Akan tetapi karena sudah banyak penjaga yang roboh, para panglima sudah menjadi marah sekali dan mereka lalu memerintahkan para perajurit untuk mengeroyok.
Tiba-tiba terdengar lengking yang memekakkan telinga. Banyak perajurit terhuyung dan roboh mendengar teriakan melengking itu. Itulah Aji Sardulo Krodo (Harimau Marah). Aji seperti ini merupakan pekiki yang mengandung getaran penuh wibawa, seperti auman harimau yang dapat melumpuhkan calon korbannya. Banyak perajurit yang tidak kuat mendengar jerit yang mengegtarkan jantung ini dan pekik itu terdengar sampai seluruh pulau! Dewi lalu mengamuk, menggunakan dayung di tangannya. Dengan gerakan seprti burung walet, tubuhnya menyambar-nyambar dan kemanapun dayungnya bergerak, tentu ada perajurit yang roboh. Ia memang mengendalikan tenaganya dan tidak melakukan pembunuhan karena kedatangannya ke Nusakambangan bukan untuk membunuh orang, melainkan untuk mencari Tilam Upih. Tiba-tiba terdengar seruan lantang.
"Tahan semua senjata!"
Yang berseru ini adalah Surodiro sendiri. Mendengar ada wanita mengamuk diasegera datang ke tempat itu dan melihat para anak buahnya banyak yang roboh, dia menjadi marah dan menghentikan perkelahian itu. Semua anak buahnya mundur mendengar bentakan sang adipati ini dan kini Dewi berhadapan dengan Adipati Surodir. Mereka berdiri saling pandang bagaikan dua ekor harimau yang saling berlagak hendak mengadu kuatnya taring tebalnya kulit.
"Heh, wanita, siapakah andika dan mengapa andika datang mengamuk di Nusa Kambangan?"
Bentak Surodiro dengan angkuh. Bagaimanapun juga, dia tidak akan menunjukkan kelemahan di depan seorang wanita, apalagi wanita yang demikian cantiknya. Dewi mengamati pria yang berdiri di depannya itu penuh perhatian. Dari pakaiannya dia dapat menduga siapa pria yang nampak gagah perkasa, berusia lima puluh tahun ini.

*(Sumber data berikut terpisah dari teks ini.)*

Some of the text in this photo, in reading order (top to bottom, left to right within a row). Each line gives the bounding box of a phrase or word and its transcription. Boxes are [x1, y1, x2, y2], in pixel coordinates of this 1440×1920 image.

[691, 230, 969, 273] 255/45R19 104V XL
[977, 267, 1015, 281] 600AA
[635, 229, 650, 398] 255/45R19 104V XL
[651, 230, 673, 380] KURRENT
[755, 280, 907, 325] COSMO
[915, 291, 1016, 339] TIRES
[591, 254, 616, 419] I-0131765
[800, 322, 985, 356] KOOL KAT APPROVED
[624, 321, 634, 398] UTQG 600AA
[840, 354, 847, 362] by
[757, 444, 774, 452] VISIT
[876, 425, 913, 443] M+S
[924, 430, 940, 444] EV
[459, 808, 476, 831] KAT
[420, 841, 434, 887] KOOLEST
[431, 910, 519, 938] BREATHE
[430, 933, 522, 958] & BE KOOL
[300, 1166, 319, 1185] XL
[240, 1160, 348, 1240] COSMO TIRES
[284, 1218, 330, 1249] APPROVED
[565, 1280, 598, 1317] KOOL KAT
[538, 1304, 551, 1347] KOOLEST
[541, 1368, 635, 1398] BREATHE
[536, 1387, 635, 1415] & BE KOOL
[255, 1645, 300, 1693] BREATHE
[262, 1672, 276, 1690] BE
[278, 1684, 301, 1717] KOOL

"Hemm, apakah aku berhadapan dengan Adipati Surodiro sendiri?"
"Benar, akulah Adipati Surodiro?"
"Bagus andika keluar sendiri, Sang Adipati. Aku bernama Dewi dan aku sengaja datang untuk bertemu dan berbicara denganmu. Akan tetapi anak buahmu yang tidak tahu diri ini mencegah aku bertemu dengan andika, maka terjadi perkelahian ini!"
"Babo-babo, dewi! Andika datang-datang memperlihatkan kesaktian seolah tidak memandang kepadaku. Sekarang kita sudah saling berhadapan, nah, katakan, apa kehendakmu?"
"Tidak banyak, Adipati Surodiro. Aku datang untuk minta kepadamu agar pusaka Tilam Upih diberikan kepadaku."
"Kalau tidak kuberikan?"
Tantang Adipati Surodiro.
"Nusa kambangan akan kubikin karang-abang (Lautan Api)!"
Babo-babo, sumbarmu seperti dapat memecahkan gunung Mahameru! Sebelum kita bicara lebih lanjut mengenai Tilam Upih, aku hendak mencoba dulu kedigdayaanmu. Nah, bersiaplah andika melawan aku!"
"Bagus, kalau andika juga ingin bertanding, silakan! Dan karena andika tidak menggunakan senjata, akupun akan bertangan kosong saja!"
Dewi lalu mengayun dayungnya dan dayung itu menancap di atas tanah sampai setengahnya.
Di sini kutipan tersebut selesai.